After 25 years of marriage we had four kids, three failed businesses, had to sale our family home, had constant money problems, always had debt, we both struggled with addictions. We had toxic and abusive patterns and it was all really hard to go through.
We were definitely in the drama triangle. (I just learned about this! Click on the picture to get more info)
I was the victim. I wanted to blame him for everything. I was also the rescuer. I was always trying to fix him and save him. I never looked at me and what I was doing. I needed him to change so he could take care of me! I wasn’t the persecutor to his face but I did criticize, judge and blame him behind his back.
Jason would also participate in this triangle. He and I both took turns dancing around these different roles with each other. He did get angry and would do and say some really hurtful things. He became controlling because he felt threatened by me not being loyal to him. I can’t imagine being a man who did everything he could to make a successful business just to fail over and over. I have never met anyone who worked as hard as Jason. It was one of his greatest qualities. He put everything he could into proving his worth to my Dad and I and always came up short. It drove him to really dark places. He is now a different person. He is tired. He is lost. He lost his drive for life. He is still struggling to find that again.
During these hard years, there were a few moments that really made me see Jason and how much he truly loved me. These experiences kept me grounded in seeing the truth of who he really was and kept me staying because I knew his spirit was so good. One experience that I had was when we were at the lake and the sand was burning hot. Like getting blisters on your feet hot. Jason and I and all our kids were wearing flip flops and it was so painful to walk on. He told me to take the kids to the van and he would get all the stuff by himself so that we wouldn’t be in pain. I remember seeing him take several trips from the beach to my van knowing his feet were burning but he didn’t care. He was willing to take on the pain to protect me from hurting. I cried that day. Jason was not who I made him out to be.
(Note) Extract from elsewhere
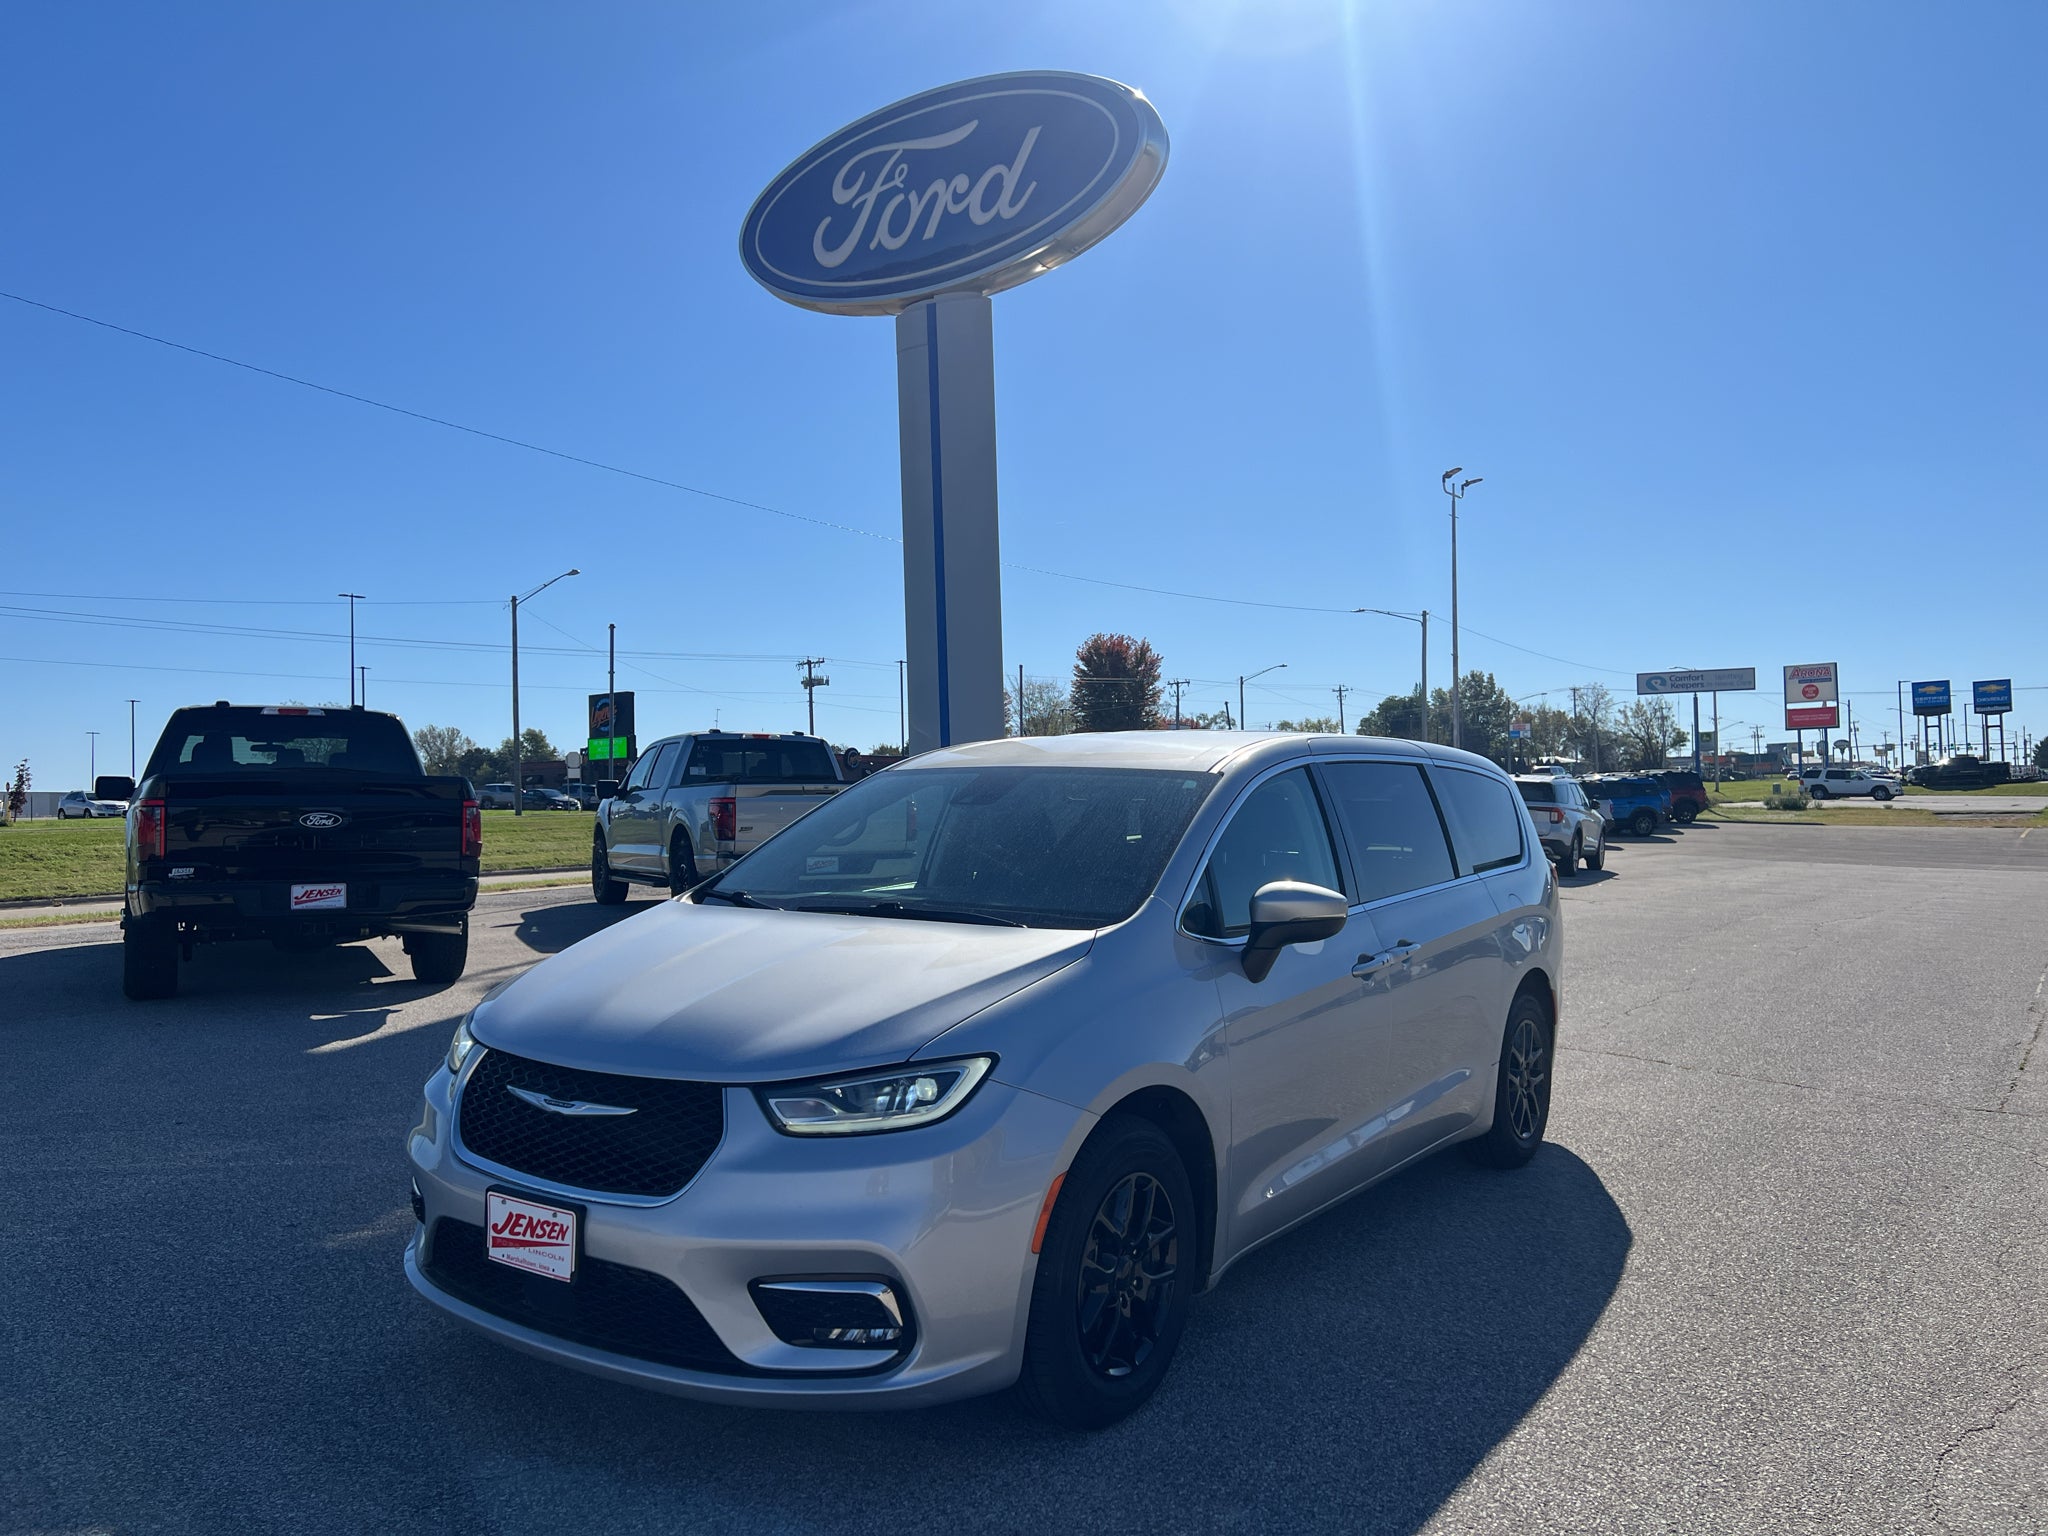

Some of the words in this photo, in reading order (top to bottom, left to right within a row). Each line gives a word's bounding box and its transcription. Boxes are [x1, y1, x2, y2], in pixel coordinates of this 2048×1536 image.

So I guess the take away from this dive into my relationship is that my inability to tell Jason the truth was detrimental to our relationship. Jason was also wounded and insecure coming into our marriage. He already didn’t feel like enough. He felt like he had to prove himself. I dream of the day that I am able to make enough money to let him quit his job and figure out what makes him happy again. He married me when he was 19 years old and never had that chance to play and have fun. I know it will happen someday soon.
What I have learned:
- In order to have an amazing relationship you have to be willing to be honest even if you are afraid it will disappoint the other person. I still struggle to do this but I am getting better. My mentor is helping me learn how to communicate with love and also how to have realistic expectations.
- Jason and I both want the same things. We want to have connection, intimacy, acceptance and love.
- I can’t just pretend I feel a certain way. If you don’t believe what you are saying, your partner can feel it.
- I want my marriage to Jason to be cared for in love and not in fear.
- We need to keep a more balanced relationship. More dates and fun and not just work.
- I need to have the courage to be myself.
- I need to be dependable and trustworthy.
- Both men and women are designly engineered in a place of love and anything that is not aligned with love in anything we think, feel or do is an ego identity. it is like a script we have been handed by the world. We’ve been told who to be as a man or as a woman.
- whenever we hold resentment it is our ego.
I know there are so many amazing experiences waiting for Jason and I in the future. We have had struggle for 25 years and now I am anticipating the next 25 years are going to be amazing.